I believe in climate change. I ride my bike everywhere, I work at a solar company, I buy organic and local when I can. I am young, liberal and idealistic. But I'm not an environmentalist. And I'm not alone.
Over the past decade the number of Americans who identify as environmentalists has steadily declined, from a peak in 1990 of 75 percent to less than half of Americans today. For most of the past three decades, a strong majority of Americans prioritized the environment, even at the risk of curbing economic growth. But since 2009, most of us have been unwilling to make that trade-off.
At the same time, as the New York Times recently reported, a large majority of Americans believe that the weird weather of late is at least partially caused by global warming. Another poll showed that 83% of Americans want more government support for clean energy. Yet another showed that three in four Americans recycle, have reduced their household energy use and buy environmentally friendly products.
In sum: Americans are beginning to believe in climate change and most of us have adopted various forms of environmentally-friendly behaviors. But, we now prioritize economic growth over the environment and don't want to be called "environmentalists." So what's changed?
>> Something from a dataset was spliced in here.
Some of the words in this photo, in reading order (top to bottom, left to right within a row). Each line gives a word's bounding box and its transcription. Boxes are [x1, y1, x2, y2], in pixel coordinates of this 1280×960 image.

Is it just a matter of labeling?
The "environmentalists" don't seem to think so. In 2004, Michael Shellenberger and Ted Nordhaus famously proclaimed that environmentalism is dead, spawning a firestorm of controversy but also getting many prominent environmentalists, including former president of the Sierra Club Adam Werbach to agree with them. They argued that environmentalism, with its focus on technical solutions and narrow scope of issues, is unequipped to handle the holistic challenge of global warming.
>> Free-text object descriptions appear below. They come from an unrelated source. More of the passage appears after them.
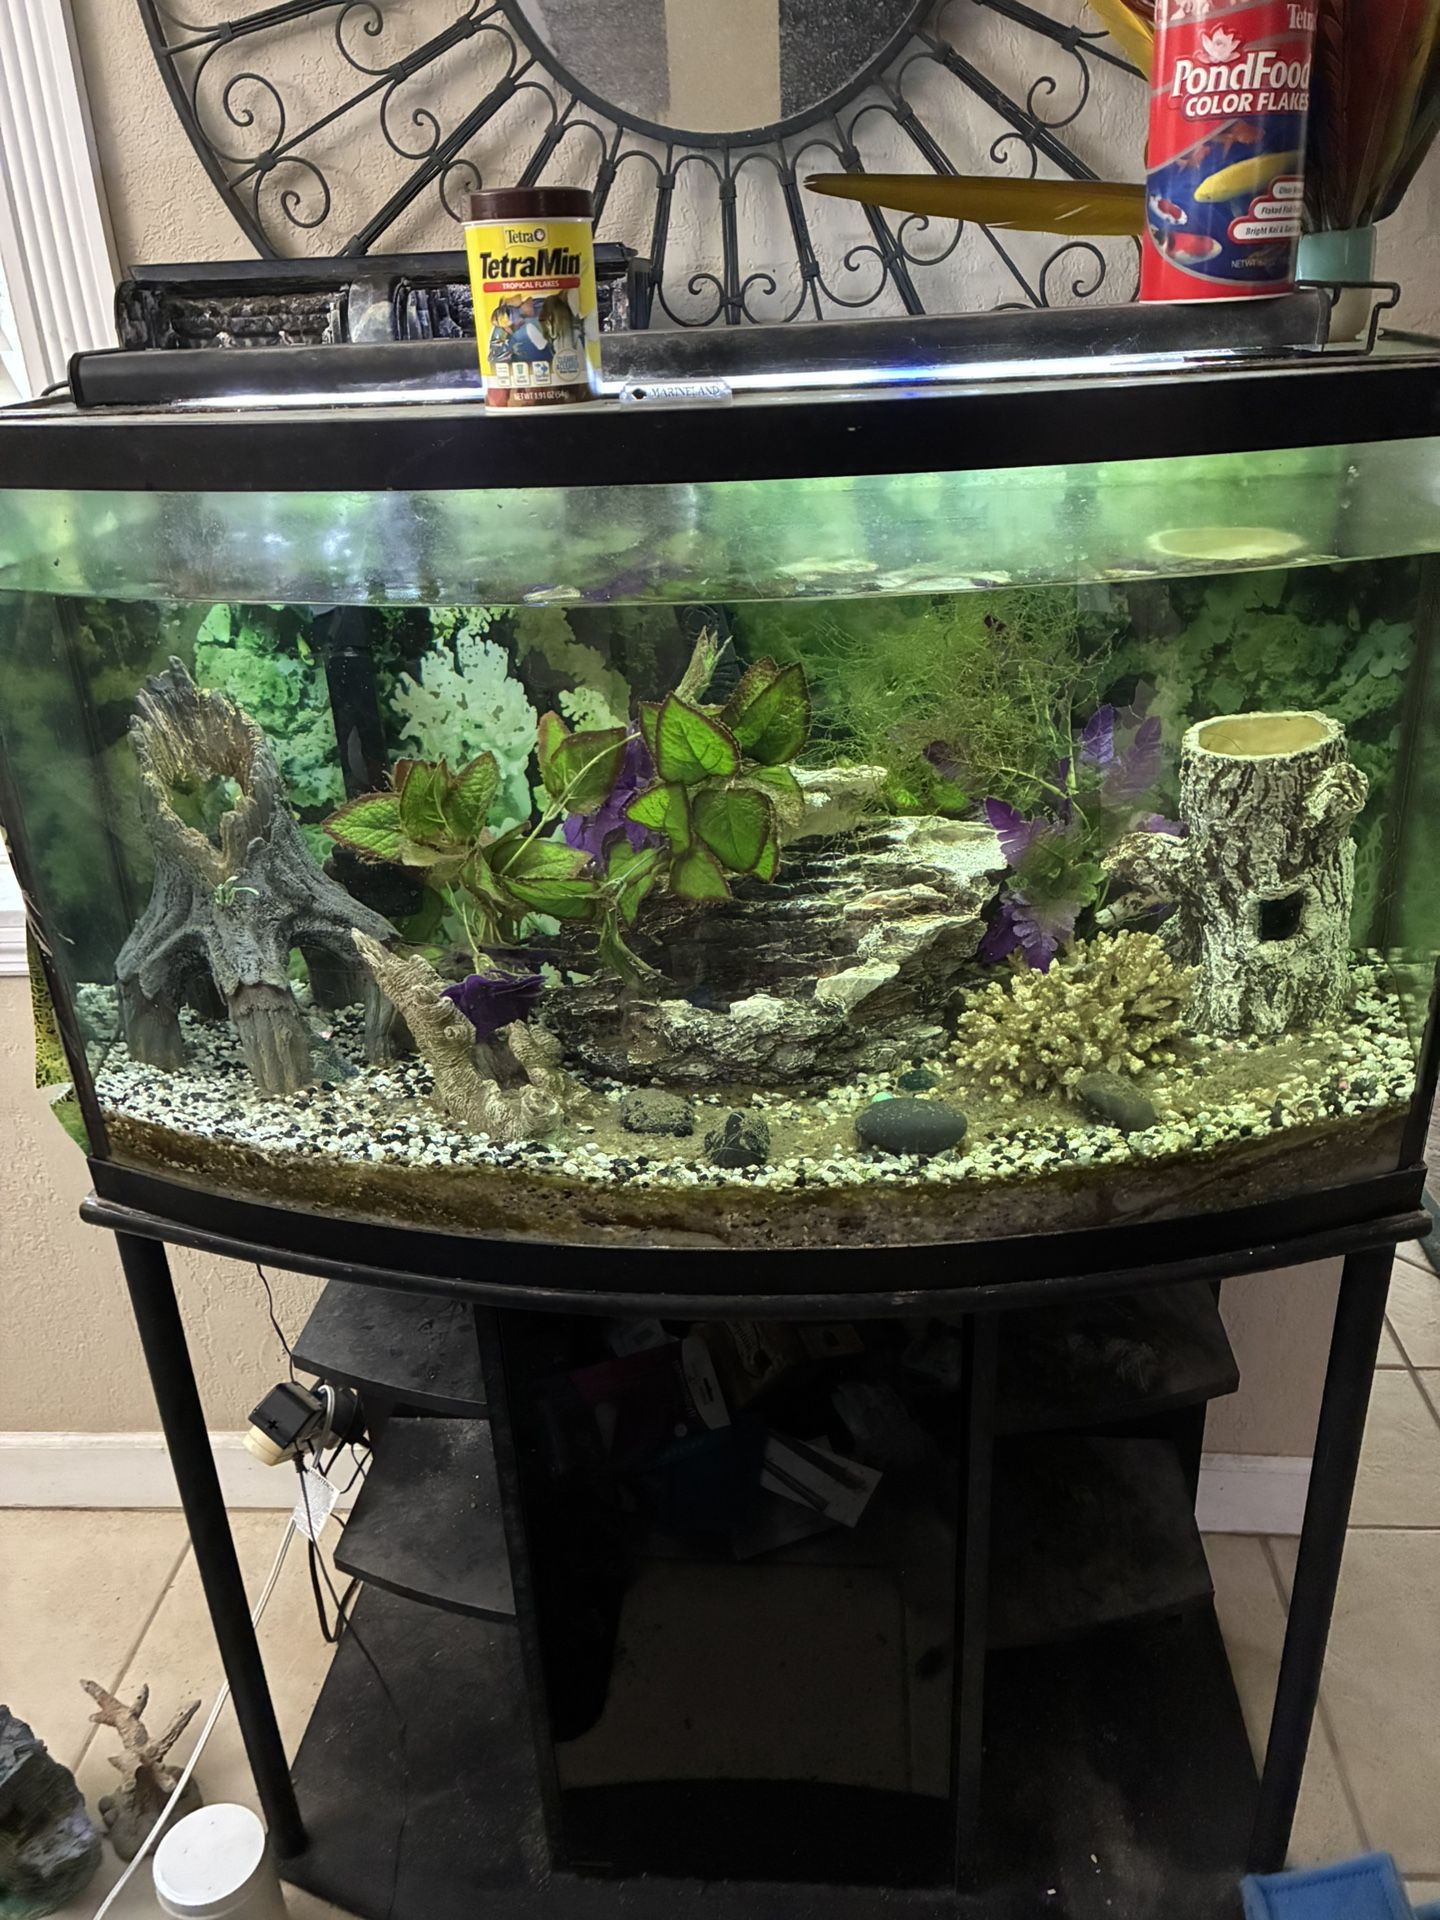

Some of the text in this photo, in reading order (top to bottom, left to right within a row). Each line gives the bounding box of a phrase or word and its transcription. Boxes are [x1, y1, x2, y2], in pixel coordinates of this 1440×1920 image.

[1185, 92, 1309, 117] COLOR FLAKES
[505, 229, 535, 244] Tetra
[1245, 226, 1268, 236] Bright
[480, 247, 580, 279] TetraMin
[502, 280, 559, 290] TROPICAL FLAKES
[650, 385, 720, 398] MARINELAND
Historically, environmentalism has defined itself as preserving wilderness from human interference. John Muir and others like him built a movement around saving beautiful natural spaces such as Yosemite Valley and Sequoia National park. Rachel Carson's Silent Spring in the 1960's brought further attention to the way that humans were harming the environment through pesticide use. This environmental awakening culminated in 1970 with the first Earth Day in which one out of every 10 Americans participated.
At some point in the 21st century we became tired with the idea that planet had to come before people. With close to 7 billion of us in this world, we can't separate ourselves from our environment and we need a way to clothe, feed and shelter all of us. We're changing our natural environment and we will continue to do so. The issue at hand is simply how we go about it.
In 2007, civil rights advocate Van Jones sparked a new movement around the idea of "building an inclusive green economy strong enough to lift people out of poverty." Though right-wing conservatives managed to kick Jones out of his role as President Obama's Green Jobs Czar, the movement for green jobs continued to grow. In 2009, over 12,000 young people gathered in Washington D.C. and stormed Congress demanding green jobs and clean energy as a part of Powershift, a conference organized by Billy Parish and the Energy Action Coalition.
I was at that conference. I distinctly remember looking around and realizing that we weren't there to protect the wilderness. We were there to build a more sustainable and equitable world. And we're not alone.